┌─ Study material
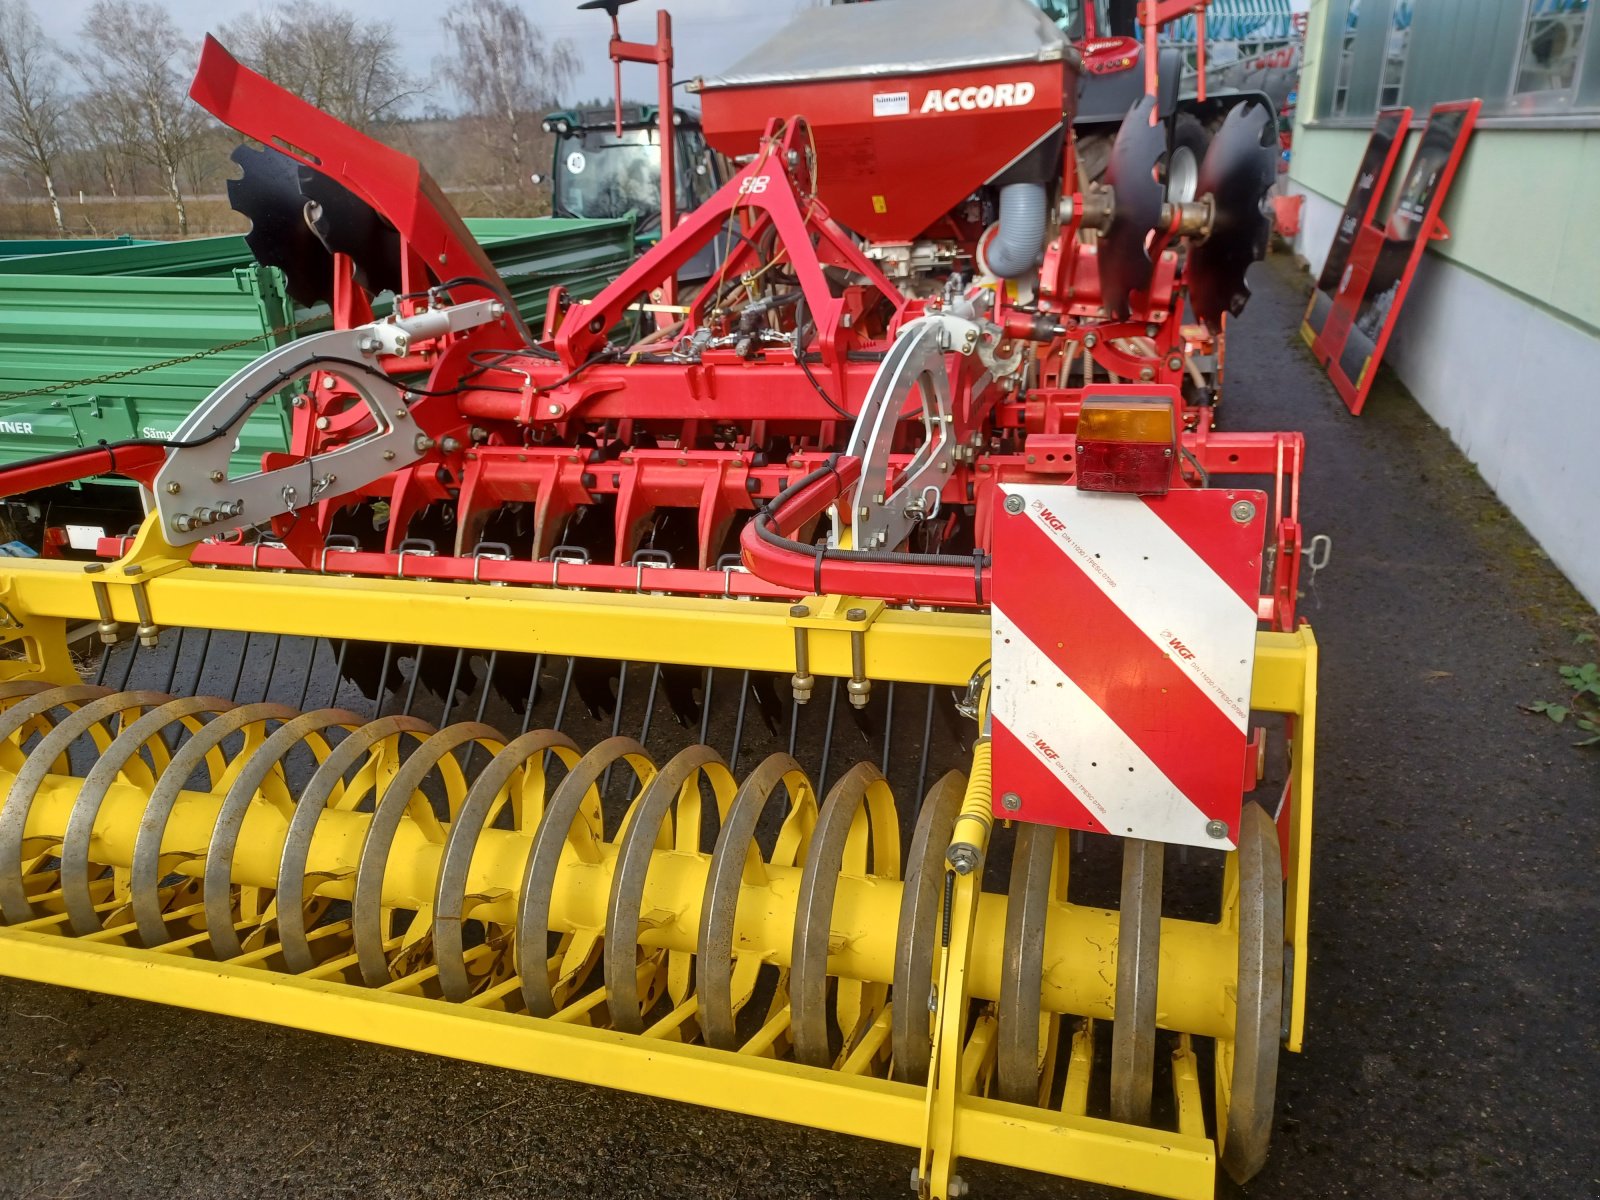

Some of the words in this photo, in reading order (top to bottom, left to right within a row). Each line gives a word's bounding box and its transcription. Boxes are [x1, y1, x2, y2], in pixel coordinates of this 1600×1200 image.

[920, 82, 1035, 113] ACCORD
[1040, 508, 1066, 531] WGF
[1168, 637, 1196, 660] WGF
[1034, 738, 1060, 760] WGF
└─
About this task: Leave the pictures out and return each entry exactly.

Answer to this task:
Some of the words in this photo, in reading order (top to bottom, left to right within a row). Each line gives a word's bounding box and its transcription. Boxes are [x1, y1, x2, y2], in pixel coordinates of this 1600×1200 image.

[920, 82, 1035, 113] ACCORD
[1040, 508, 1066, 531] WGF
[1168, 637, 1196, 660] WGF
[1034, 738, 1060, 760] WGF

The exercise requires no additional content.